Background: Augmentation of the maxillary sinus increases the lost height of ridge in the posterior maxilla. Bony convolutions from the floor of the sinus called septa may be encountered during the procedure and significantly impact the outcome of the procedure. Materials and Methods: For this retrospective study, 120 cone-beam computed tomography (CBCT) scans were collected from the archives of the department of oral radiology in the time period between January 2016 and August 2018. Planmeca Romexis® software version 3.2.7 was used to check for the incidence, and then among the septa, plane of orientation, location with respect to the wall of the sinus, and in terms of relation to tooth were examined. The average height and average width of all the septa were measured using a measuring tool in the software. Results: Thirty-five of the total 88 patients showed septa in 40 sinuses, in which 36 sinuses showed one septum and 4 sinuses showed 2 septa. Forty-one septa were located on the floor of the sinus in the frontal orientation and 3 septa were located on the lateral wall of the sinus in the axial orientation.

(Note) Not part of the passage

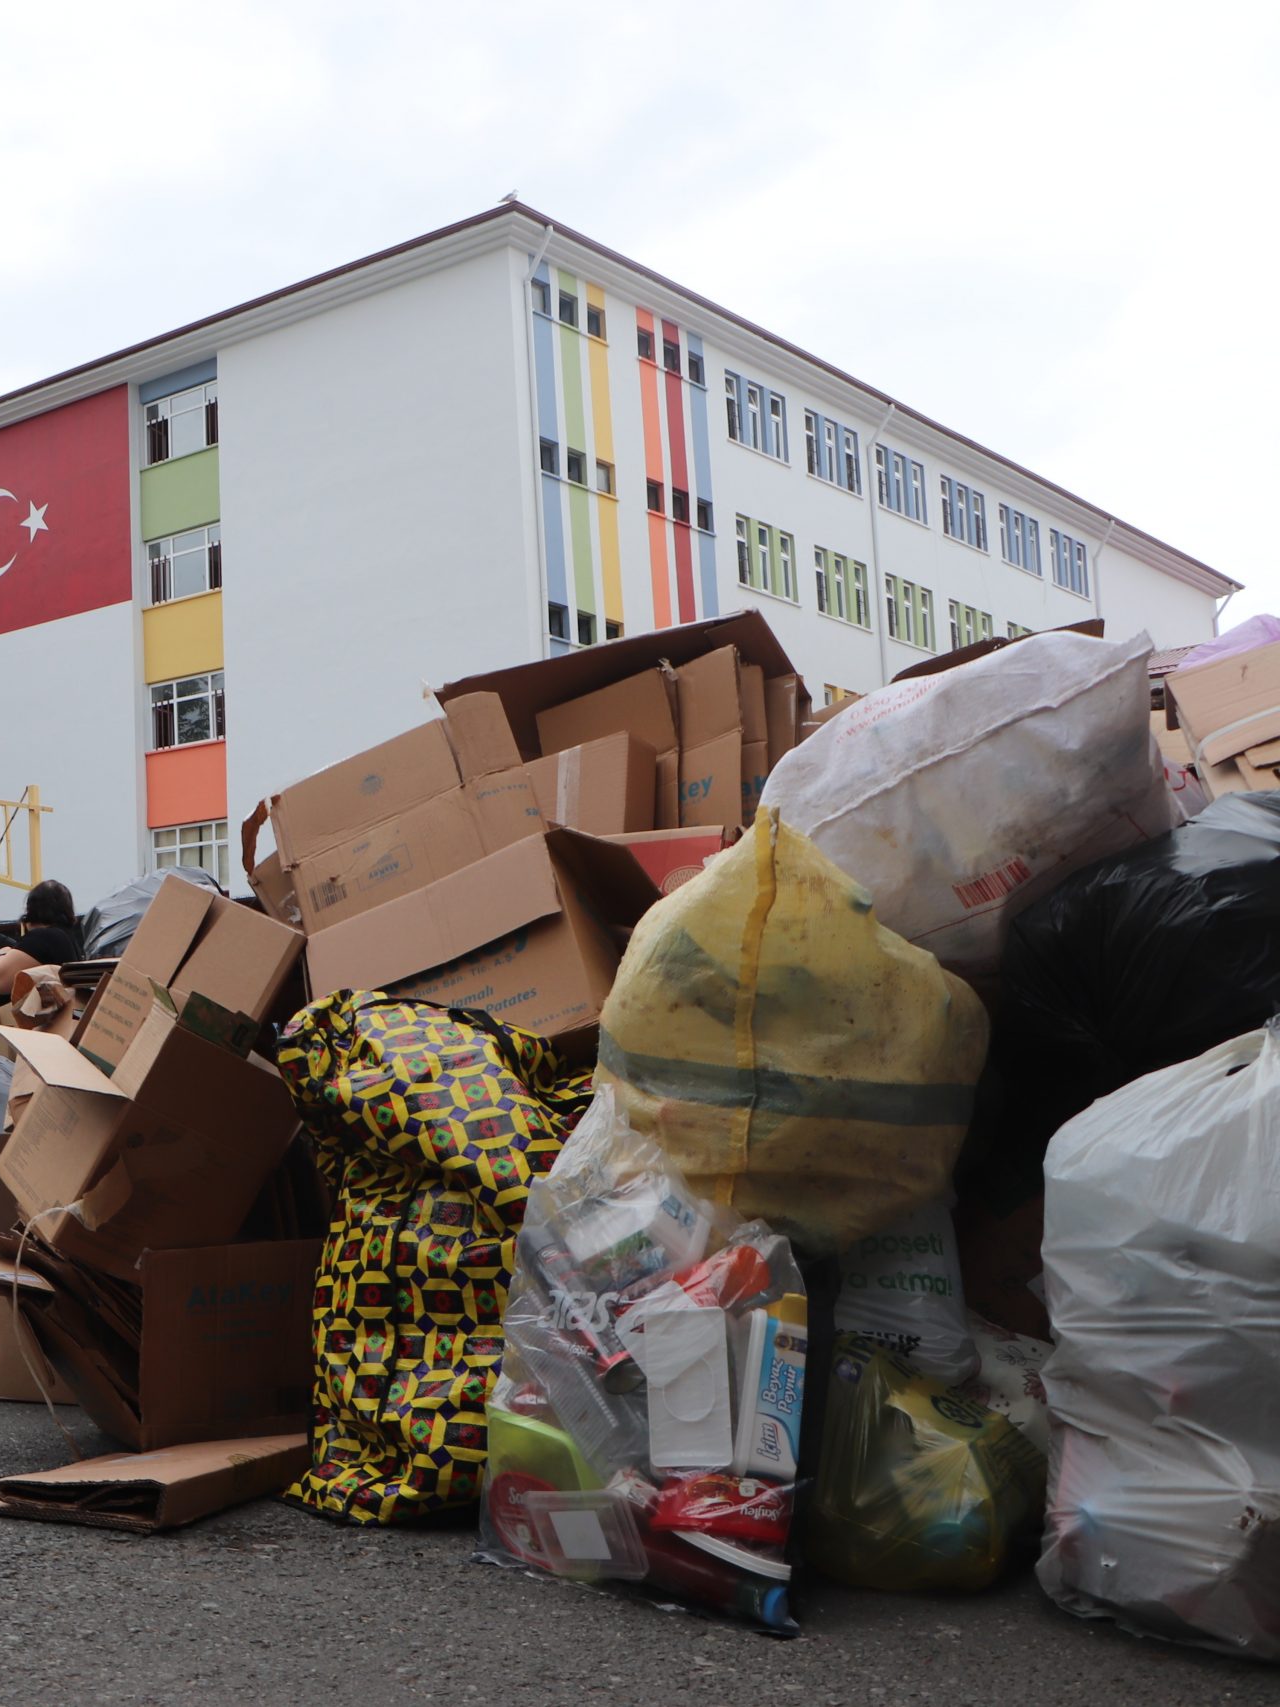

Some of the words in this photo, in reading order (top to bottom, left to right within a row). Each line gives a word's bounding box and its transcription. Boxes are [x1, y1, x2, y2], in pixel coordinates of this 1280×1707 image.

[861, 1231, 944, 1261] poşeti
[762, 1358, 785, 1404] Beyaz
[777, 1366, 797, 1413] Peynir

The mean height and mean width of the 41 septa on the floor of the sinus were 5.72 mm and 3.47 mm, respectively. The mean height of septa found on the lateral wall of the sinus was 5.59 mm. Conclusion: Septa had a higher tendency to be in bucco-palatal direction and on the floor of the sinus and frequent occurrence in the region of molars. A thorough prediagnostic evaluation using CBCT is necessary prior to sinus augmentation procedures.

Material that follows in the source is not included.